Saturday, January 12, 2008

The eloquence of the diplodocus specimen


At the Guardian, Richard Fortey on the Natural History Museum in London:
On one of my forays through the basement, I came across a door that I had not noticed before. This was in a corridor with a half-forgotten air, on one side of which were tucked away the osteology collections - bones, dry bones, where oxen strode naked of their skin and muscles, and great bony cradles hung from the ceiling, the jawbones of whales. Here, ape and kangaroo met on equal terms in the demotic of their skeletons, with no place for the airs and graces of the flesh.

Strange though these collections may seem, they were as nothing compared with what lay behind the mysterious door opposite. For this was Dry Store Room No 1. Neglected and apparently forgotten, this huge square room entombed the most motley collection of desiccated specimens. Fish in cases were lined up, species by species, in their stuffed skins; they presented in faded ranks like a parade that had forgotten the bunting. At one end, there was a huge fish that seemed to have been cut-off mid-length, so that the posterior part of its body was apparently missing, and it had a silly little mouth out of proportion to its fat body. It was a sunfish, and its cut-off appearance was entirely natural - a faded notice attached to it proclaimed it was the "type".

Elsewhere, there were odd boxes, one of which contained human remains, laid out in a kind of slatted coffin. The shells of a few giant tortoises hunkered down like geological features on the floor. There were sea urchin shells, and some skins or pelts of things I couldn't identify.

Most peculiar of all, on top of a glass-fronted cupboard, was a series of models of human heads. They were arranged left to right, portraying a graded array of racial stereotypes. One did not have to look at them for very long to realise that there was a kind of chain running from a Negroid caricature on one side to a rather idealised Aryan type on the other.

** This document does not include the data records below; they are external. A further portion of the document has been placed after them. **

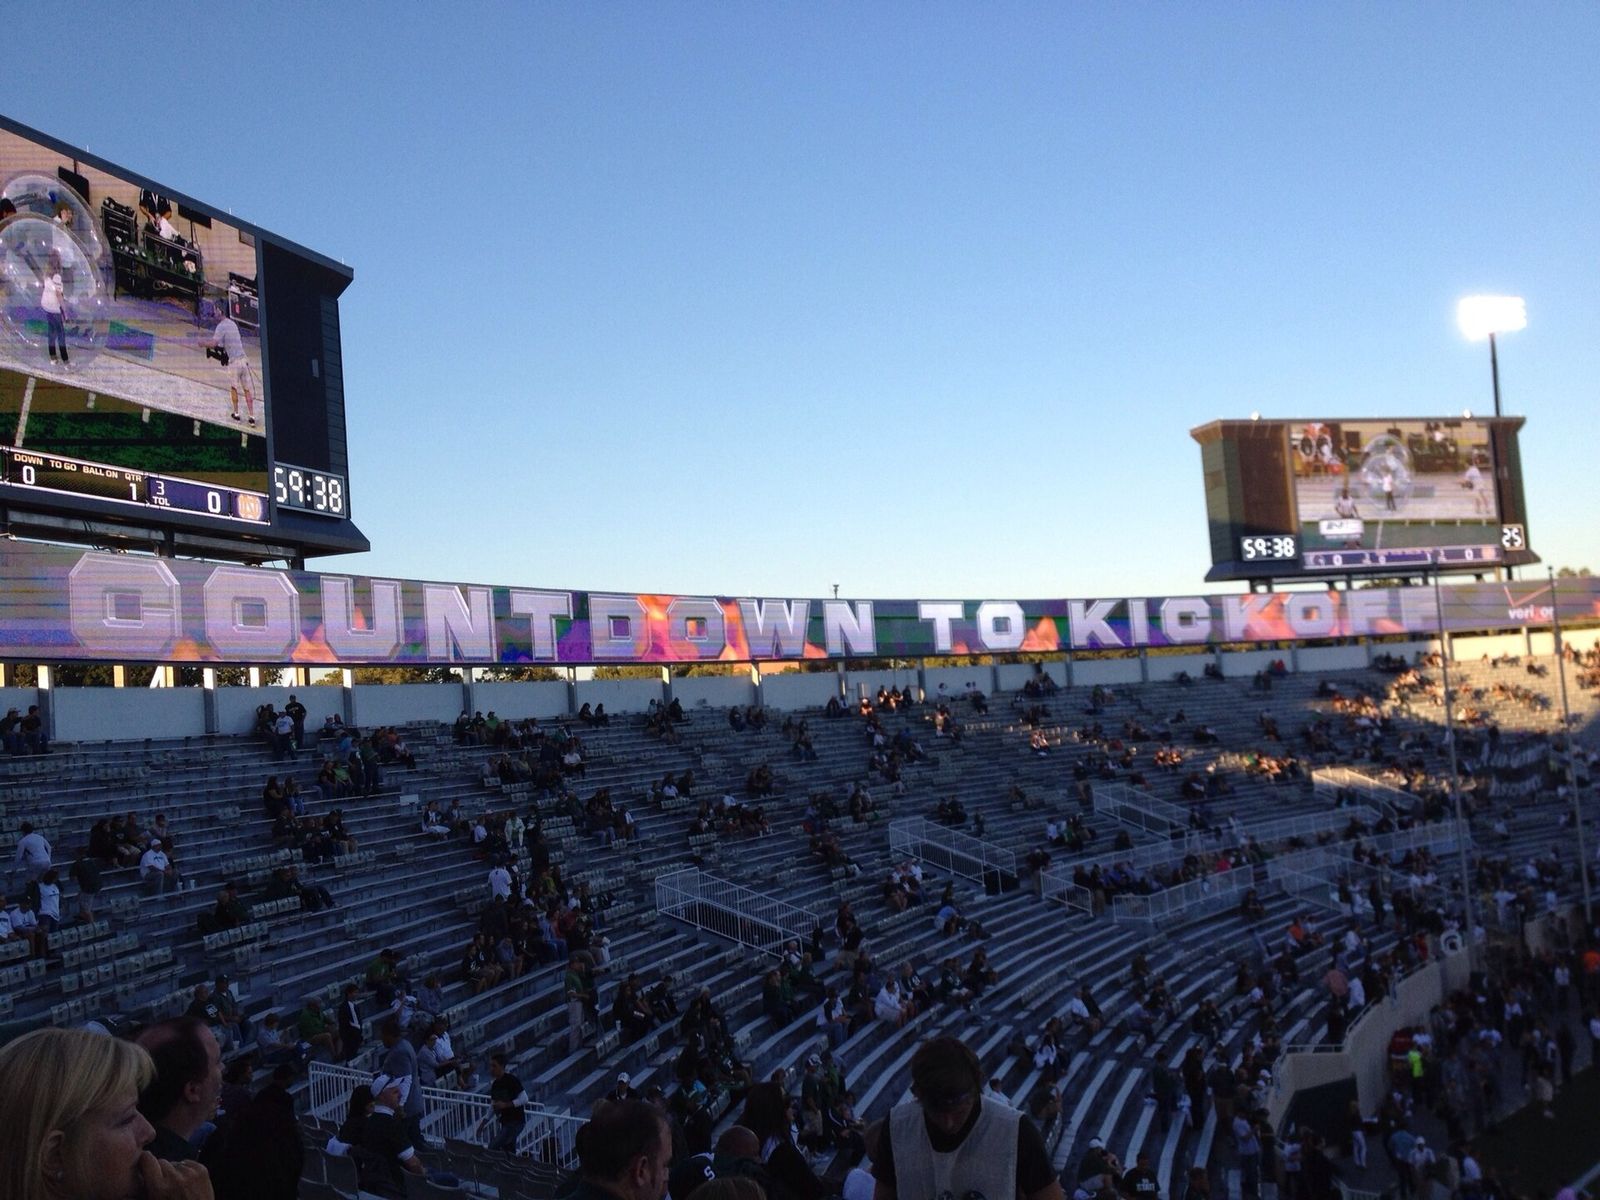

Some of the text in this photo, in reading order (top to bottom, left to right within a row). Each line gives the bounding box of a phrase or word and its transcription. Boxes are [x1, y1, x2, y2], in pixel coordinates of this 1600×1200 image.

[14, 453, 142, 482] DOWN TO GO BALL ON QTR
[22, 465, 35, 485] 0
[129, 482, 137, 501] 1
[155, 480, 165, 496] 3
[274, 467, 342, 513] 59:38
[152, 495, 170, 507] TOL
[207, 491, 221, 514] 0
[1242, 537, 1296, 559] 59:38
[1501, 527, 1522, 548] 25
[68, 552, 1443, 662] COUNTDOWN TO KICKOFF

Dry Store Room No 1 was a kind of miscellaneous repository, a place of institutional amnesia. It was rumoured that it also was the site of trysts, although love in the shadow of the sunfish must have been needy rather than romantic. Certainly, it was a place unlikely to be disturbed until it was dismantled. I could not suppress the thought that the store room was like the inside of my head, presenting a physical analogy for the jumbled lumber-room of memory. Not everything there was entirely respectable; but, even if tucked out of sight like suppressed memories, these collections could never be thrown away. We are all our own curators.
Mmmmm, Dry Storeroom No. 1 is certainly near the top of my list of must-read books... like a young-adult fantasy novel, only all true!

2 comments:

  1. Wow--I was really enjoying the passage from the Guardian, and then you made it even better with the news that it's going to be a book! It's definitely on my list for the fall.